401(k) top-heavy test % is 60.71. The plan sponsor has decided (via CPA advice) not to make a top-heavy contribution because the ".71" can be dropped, thus resulting in a passing % of 60. CPA also stated it is up to employer to pick a method and keep it consistent year to year. Our consistent method has been to include the .71.

Can not find any reference to state this is right/wrong. Any suggestions?

Posted

I think that you should be including the .71, and the plan would be considered Top Heavy. I would not want to argue that you could drop the .71 to an IRS auditor if the plan were ever audited. The regs clearly state that the plan is top heavy if the ratio exceeds 60%, and 60.71% exceeds 60%, even under new math. I don't think the CPA is giving you good advice, and I for one, would not follow it.

Posted

I would agree with above advice. There is nothing in the regs to suggest rounding. This has been argued on the PIX bulletin board as well. (PIX is pension information exchange)

When that close, it is time to verify everything -

e.g. were profit sharing contributions included in the total? Since most are made after plan year end, they should not be included. (You don't count contributions that are not required - only in year actually made)

how about previous distributions. most calculations I've seen includes distributions made over last 5 years. actually, it should be from date of termination. example - if ee quit 20 years ago, but received a distribution this year, would you include the distribution in the balance? Hopefully you haven't been counting it for 15 years, why should it magically reappear. remember, you don't count balances of people who didn't perform service for 5 years.

Guest rshawlaw
Posted

And remember the exception to the exception: you do count profit sharing contributions made after the end of the year if it is the first year of the plan. Reg. §1.416-1 Q&A T-24. Check out the "former key employee" definition in Reg §1.416-1 Q&A T-1 and the examples. See also Q&A T-39 for a little wiggle room.

Posted

Agree with all these comments and is the action that we take. What protection is there for a record keeper who has advised the employer that they are wrong with their interpretation? Does a letter from employer stating they have taken CPA advise and choose not to make a contribution protect the record keeper (realizing IRS audit will probably confirm these points)? Or would you drop this employer from your service?

Posted

I concur that the ER is making a bad decision by accepting the advice of the CPA and agree that its best for you cover your tracks (to put it nicely).

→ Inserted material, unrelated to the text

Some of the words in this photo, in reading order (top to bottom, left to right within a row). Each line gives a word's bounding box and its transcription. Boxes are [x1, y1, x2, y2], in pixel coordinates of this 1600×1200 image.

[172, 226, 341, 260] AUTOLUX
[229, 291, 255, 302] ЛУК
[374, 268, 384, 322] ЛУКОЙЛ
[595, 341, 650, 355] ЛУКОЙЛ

I think a letter from you to the ER and possibly the CPA explaining your position would be appropriate. If you can get a letter from the ER that's even better.

As far as dropping your client, it probably depends. Have you been looking for a reason to drop the client? As long as you have your documention, the IRS should go after the ER or Trustee of the plan, not your company.

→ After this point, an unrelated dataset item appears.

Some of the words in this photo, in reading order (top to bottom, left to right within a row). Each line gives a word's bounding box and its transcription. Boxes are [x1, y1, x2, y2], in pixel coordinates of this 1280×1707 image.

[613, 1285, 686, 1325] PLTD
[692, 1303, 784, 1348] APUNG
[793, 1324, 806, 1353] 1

Heck, I've seen RKer's base their entire business on doing WHATEVER the client wants as long as "it was in writing".

Good Luck.

[This message has been edited by Fredman (edited 02-18-99).]

Posted

So long as your service agreement stipulates that you are performing only ministerial functions and are not making decisions but rather act only upon authorization from the Plan Administrator or Trustee. also you should have some written correspondence documenting that have informed them that the plan is top-heavy by your calculations. They should also send you a letter indicating that they have sought counsel (albiet a CPA) and that they have determined that it is not top-heavy and no additional contribution is required. These should absolve you of any liability. I wouldn't drop them over this. Hopefully next year it will be more clear-cut as the percentage moves higher or lower.

  • 2 weeks later...
Guest pensiondoc
Posted

Would agree with the above. As a general rule of thumb, mathematically anyway, anything OVER .5 is rounded UP.

  • 3 weeks later...
Guest jamesfdavis
Posted

Also except for Medicare Part B late enrollment surcharges. HCFA's rounding is unfathomable.

  • 3 years later...
Guest Sgalbrea
Posted

I have got a plan that is sitting at 60.04%. Could this be rounded down so that the plan is not Top-Heavy?

Posted

Looks to me like it is greater than 60%.

Whenever you are close to 60%, always check very carefully, especially with respect to prior distributions.

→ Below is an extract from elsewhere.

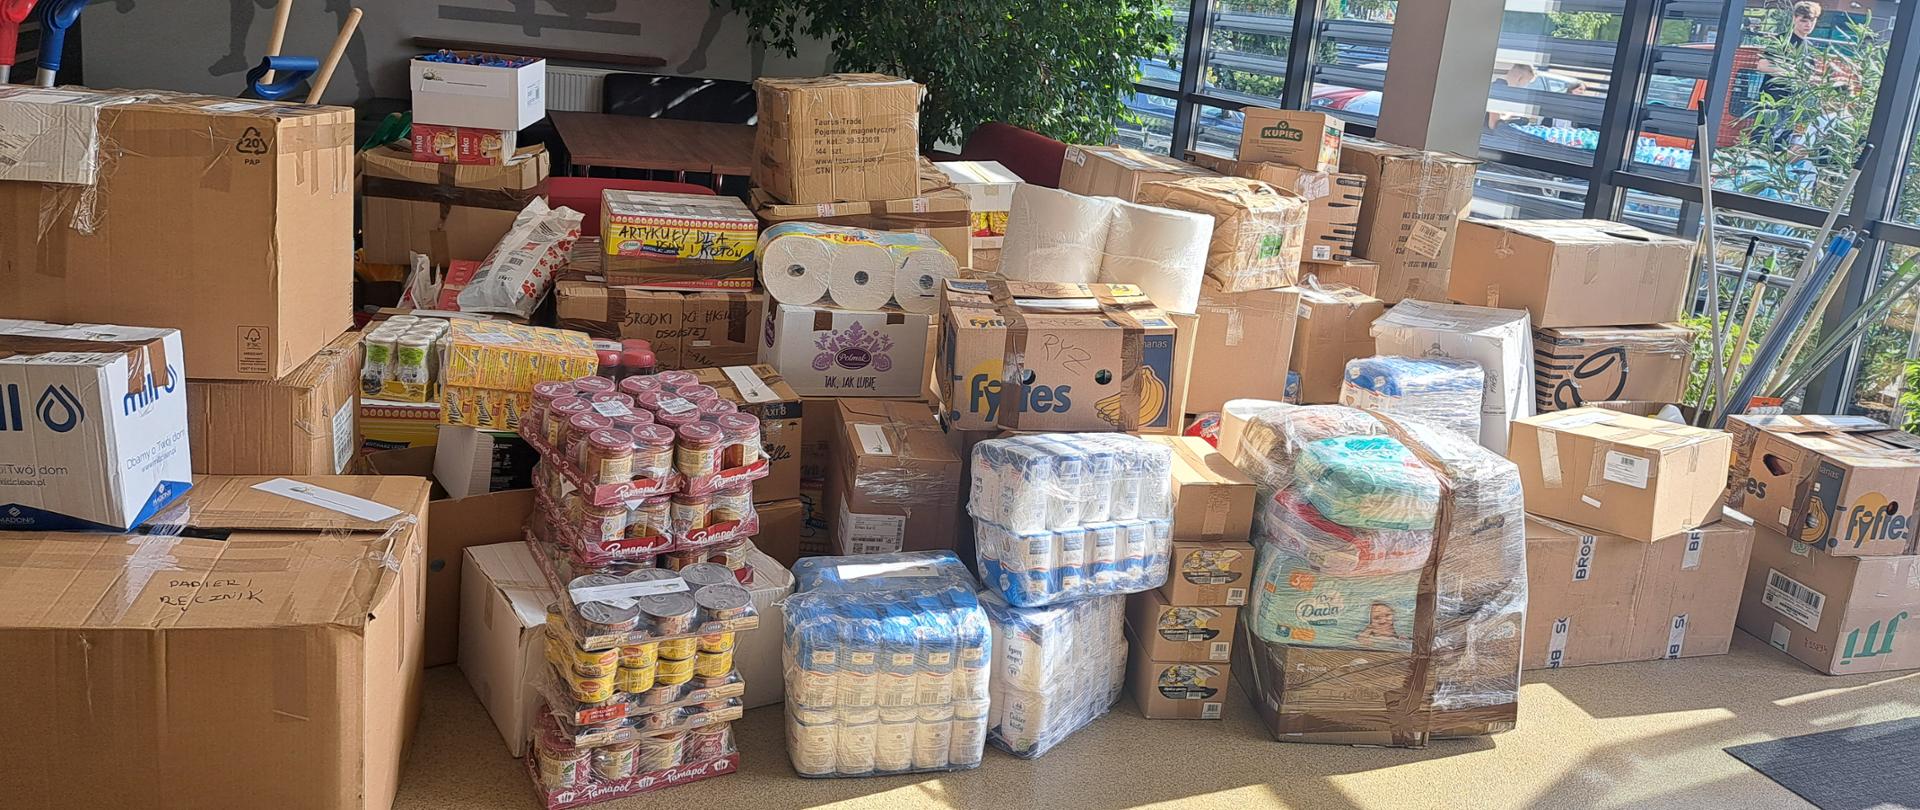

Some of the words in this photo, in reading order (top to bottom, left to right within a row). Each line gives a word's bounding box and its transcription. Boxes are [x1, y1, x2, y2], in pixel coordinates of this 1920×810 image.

I'm a retirement actuary. Nothing about my comments is intended or should be construed as investment, tax, legal or accounting advice. Occasionally, but not all the time, it might be reasonable to interpret my comments as actuarial or consulting advice.

Posted

I would ask for a letter from the ER stating:

1) that you have informed them that the plan is top-heavy;

2) that you have informed them that a top-heavy contribution is due;

3) that they have been informed on the consequences of not following your advice;

4) that they are taking outside advice, indicating who that advice is from, that indicates the plan is not top-heavy;

5) that they will pay any and all of your legal bills (within 30 days of submission) associated with this transaction in the event you are brought into a legal battle over this;

6) that the guarantee of legal expense payment is binding upon the current owners and any future owners and can be collected from any one or all of the owners (from personal or corporate funds);

7) and have this letter signed by all current owners with their signatures either notarized, or signature guaranteed.

Once they realize that they may have to put up some money if the situation comes to light they may change their tune a little.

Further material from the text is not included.